In the meantime George Parker, the so-called owner of Daniel and Maria, hurriedly rushed their good names into the “Baltimore Sun,” after the following manner—
“FOUR HUNDRED DOLLARS
REWARD.—Ranaway from my house on Saturday
night, August 30, my negro man ‘Daniel,’ twenty-five years of
age, bright yellow mulatto, thick set and stout made.
Also, my negro woman, ‘Maria,’
forty years of age, bright
mulatto. The above reward will be paid if delivered in
Washington city. GEORGE PARKER.”
While this advertisement was in the Baltimore papers, doubtless these noble passengers were enjoying the hospitalities of the Vigilance Committee, and finally a warm reception in Canada, by which they were greatly pleased. Of Benjamin and Daniel, the subjoined letter from Rev. H. Wilson is of importance in the way of throwing light upon their whereabouts in Canada:
ST. CATHARINE, C.W., Sept. 15th, 1856.
MR. WILLIAM STILL:—Dear Sir—Two young men arrived here on Friday evening last from Washington, viz: Benjamin R. Fletcher and Daniel Neall. Mr. Neall (or Neale) desires to have his box of clothing forwarded on to him. It is at Washington in the care of John Dade, a colored man, who lives at Doct. W.H. Gilman’s, who keeps an Apothecary store on the corner of 4-1/2 and Pennsylvania Avenue. Mr. Dade is a slave, but a free dealer. You will please write to John Dade, in the care of Doct. W.H. Gilman, on behalf of Daniel Neale, but make use of the name of George Harrison, instead of Neale, and Dade will understand it. Please have John Dade direct the box by express to you in Philadelphia; he has the means of paying the charges on it in advance, as far as Philadelphia; and as soon as it comes, you will please forward it on to my care at St. Catherine. Say to John Dade, that George Harrison sends his love to his sister and Uncle Allen Sims, and all inquiring friends. Mr. Fletcher and Mr. Neale both send their respects to you, and I may add mine.

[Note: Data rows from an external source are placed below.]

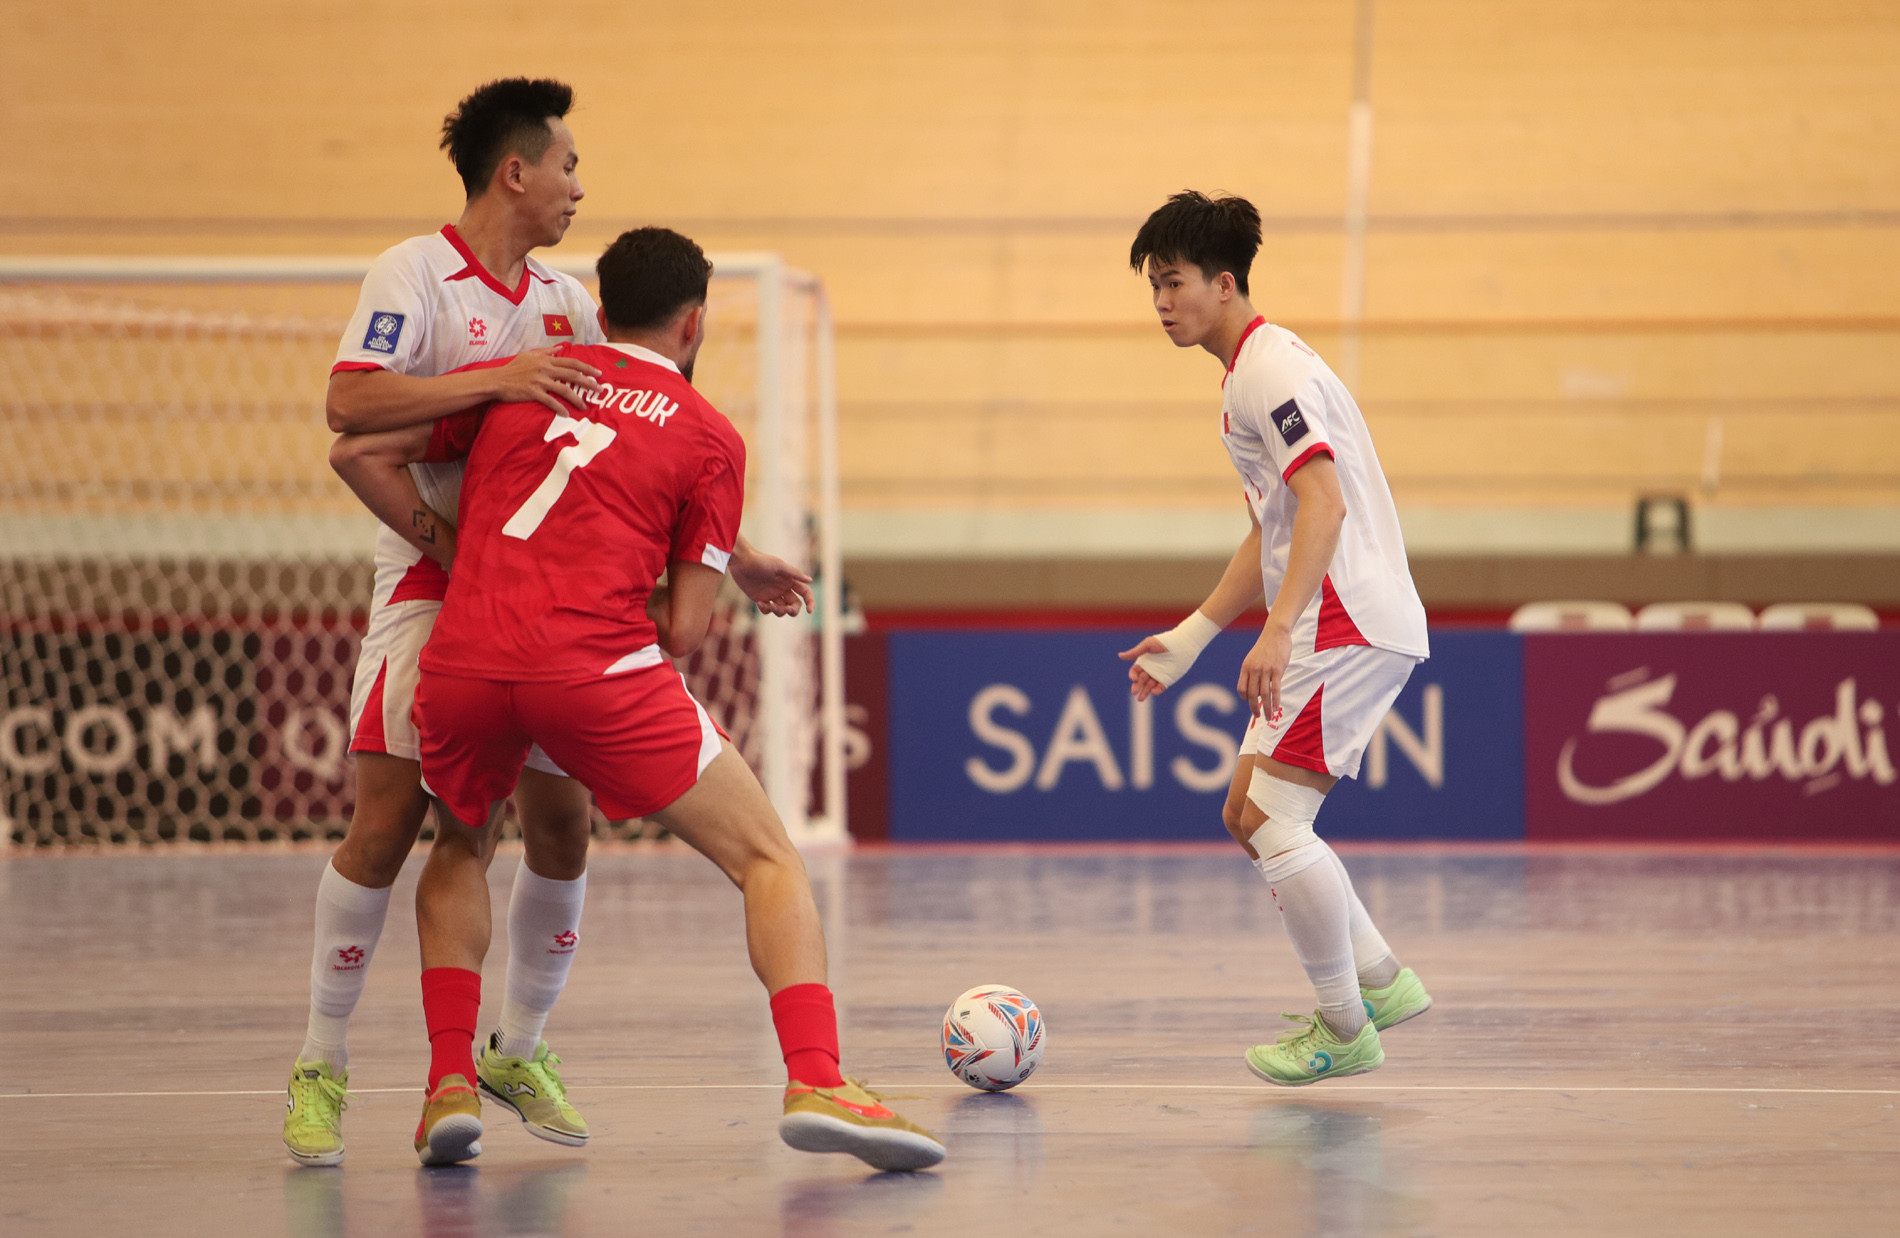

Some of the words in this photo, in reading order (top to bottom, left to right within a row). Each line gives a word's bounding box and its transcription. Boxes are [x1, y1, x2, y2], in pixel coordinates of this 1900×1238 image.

[1281, 410, 1301, 432] AFC
[501, 413, 618, 541] 7
[0, 703, 218, 774] COM
[965, 684, 1445, 793] SAISN
[1557, 667, 1896, 805] Saudi

P.S.—Mr. Benjamin R. Fletcher wishes to have Mr. Dade call on his brother James, and communicate to him his affectionate regards, and make known to him that he is safe, and cheerful and happy. He desires his friends to know, through Dade, that he found Mrs. Starke here, his brother Alfred’s wife’s sister; that she is well, and living in St. Catharine, C.W., near Niagara Palls. H.W.